Conclusion: Most often, central symmetry is found in flowering plants and in gymnosperms in leaves. In axial symmetry, the largest number of plants are algae (root and leaves), green mosses (root, stem, leaves), horsetails (root, stem, leaves), club mosses (root, stem, leaves), ferns (root, leaves), gymnosperms and flowers. In mirror symmetry, plant species such as ferns (leaves), gymnosperms (stem, fruits) and flowering plants are found.
What is the main reason for the emergence of different symmetry in plants? This is the force of gravity, or gravity.
Studying geometry, biology and physics in high school will help me to find out more deeply the causes of symmetry in nature, to determine the type of symmetry in any plant.
Conclusion
It is difficult to find a person who would not have any idea about the symmetry that explains the presence of a certain order, patterns in the arrangement of parts of the world around. In each flower there is a similarity with others, but there is also a difference.
Having considered and studied the above on the pages of the abstract, I can now assert: everything that grows vertically, that is, up or down relative to the earth's surface, is subject to radial-ray symmetry in the form of a fan of intersecting symmetry planes; everything that grows horizontally or obliquely with respect to the earth's surface is subject to bilateral symmetry. I also proved in practice that the orderliness and proportionality of plants is due to two factors:
Gravity;
The influence of light.
Knowledge of the geometric laws of nature is of great practical importance. We must not only learn to understand these laws, but also make them serve for the benefit of people.

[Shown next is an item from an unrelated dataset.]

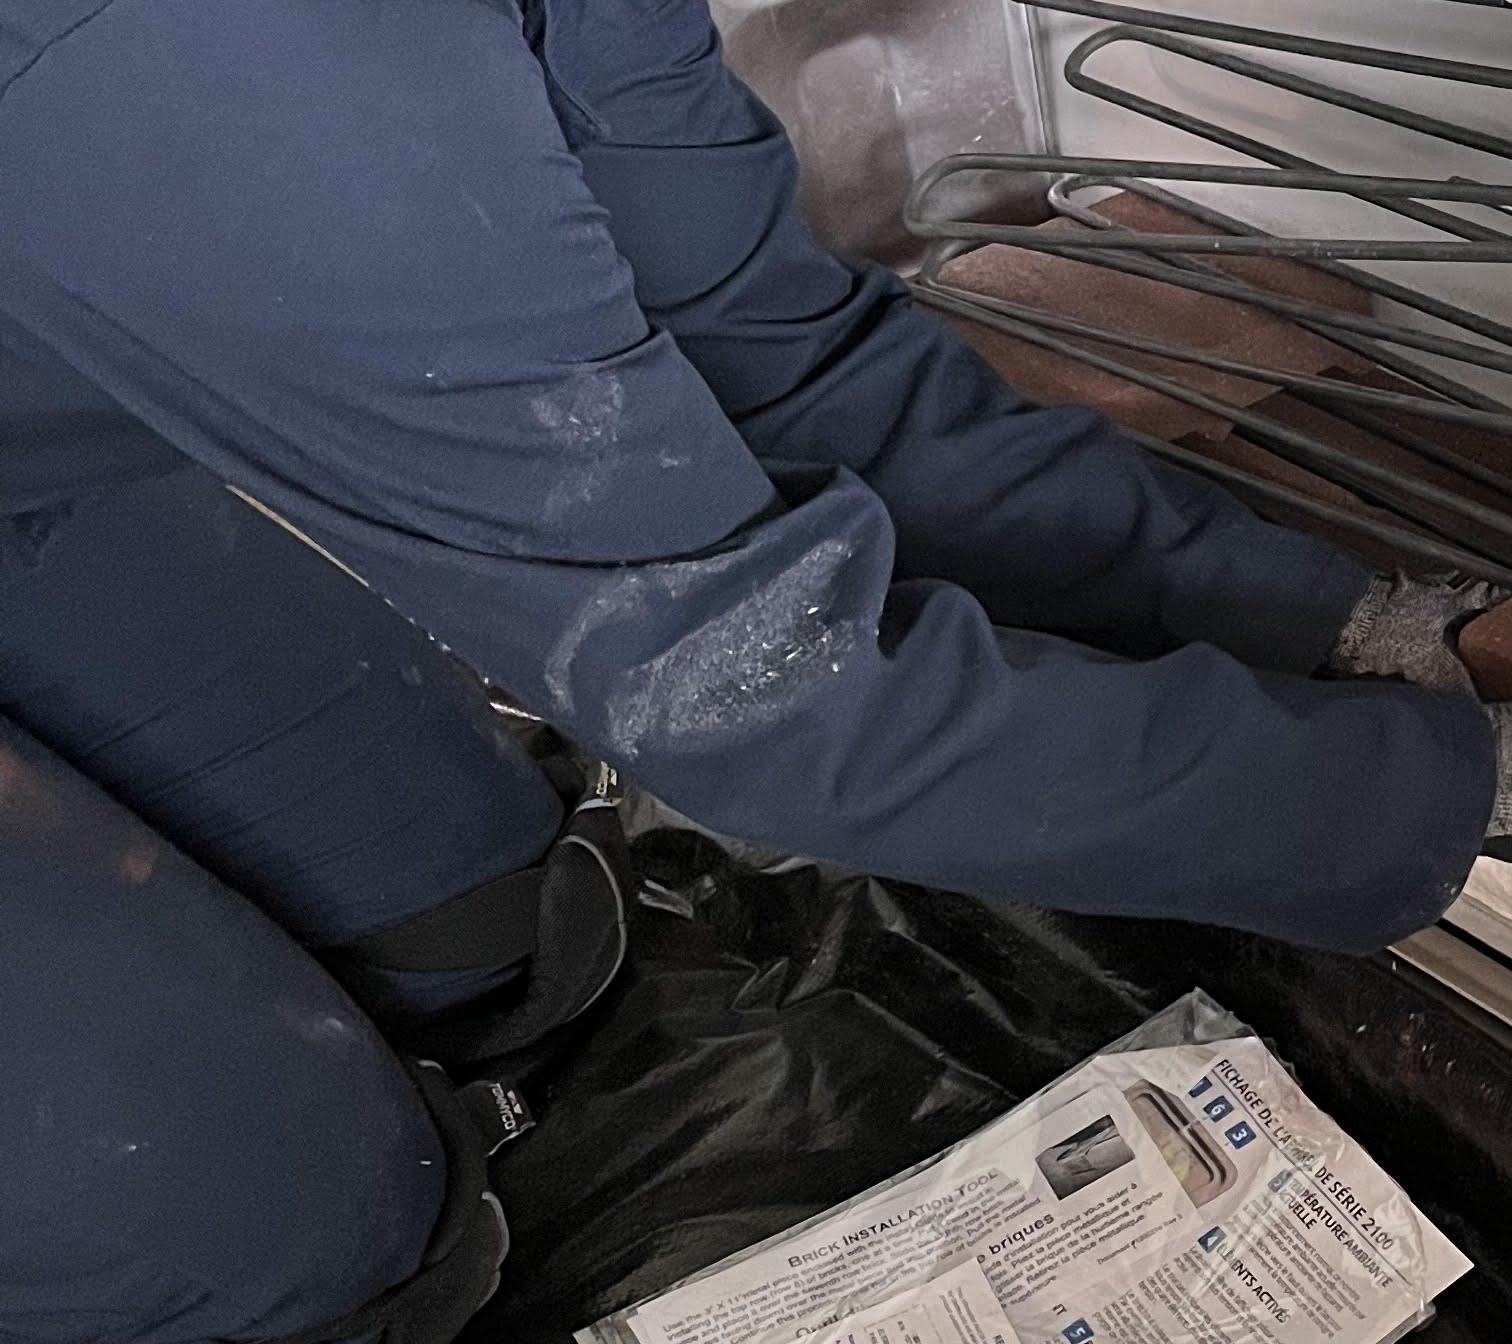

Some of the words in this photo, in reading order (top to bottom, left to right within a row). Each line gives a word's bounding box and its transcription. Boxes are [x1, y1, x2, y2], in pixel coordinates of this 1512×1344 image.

In my abstract, I paid more attention to the symmetry of living nature, but this is only a small part that is accessible to my understanding. In the future, I would like to explore the world of symmetry more deeply.
Sources
1. Atanasyan L.S. Geometry 7-9. M.: Enlightenment, 2004. p. 110.
2. Atanasyan L.S. Geometry 10-11. M.: Enlightenment, 2007. p. 68.
3. Vernadsky V.I. Chemical structure of the Earth's biosphere and its environment. M., 1965.
4. Vulf G.V. Symmetry and its manifestations in nature. M., ed. Dep. Nar. com. Enlightenment, 1991. p. 135.
5. A. V. Shubnikov, Symmetry. M., 1940.
6. Urmantsev Yu.A. Symmetry in nature and the nature of symmetry. M., Thought, 1974. p. 230.
7. Shafranovsky I.I. Symmetry in nature. 2nd ed., revised. L.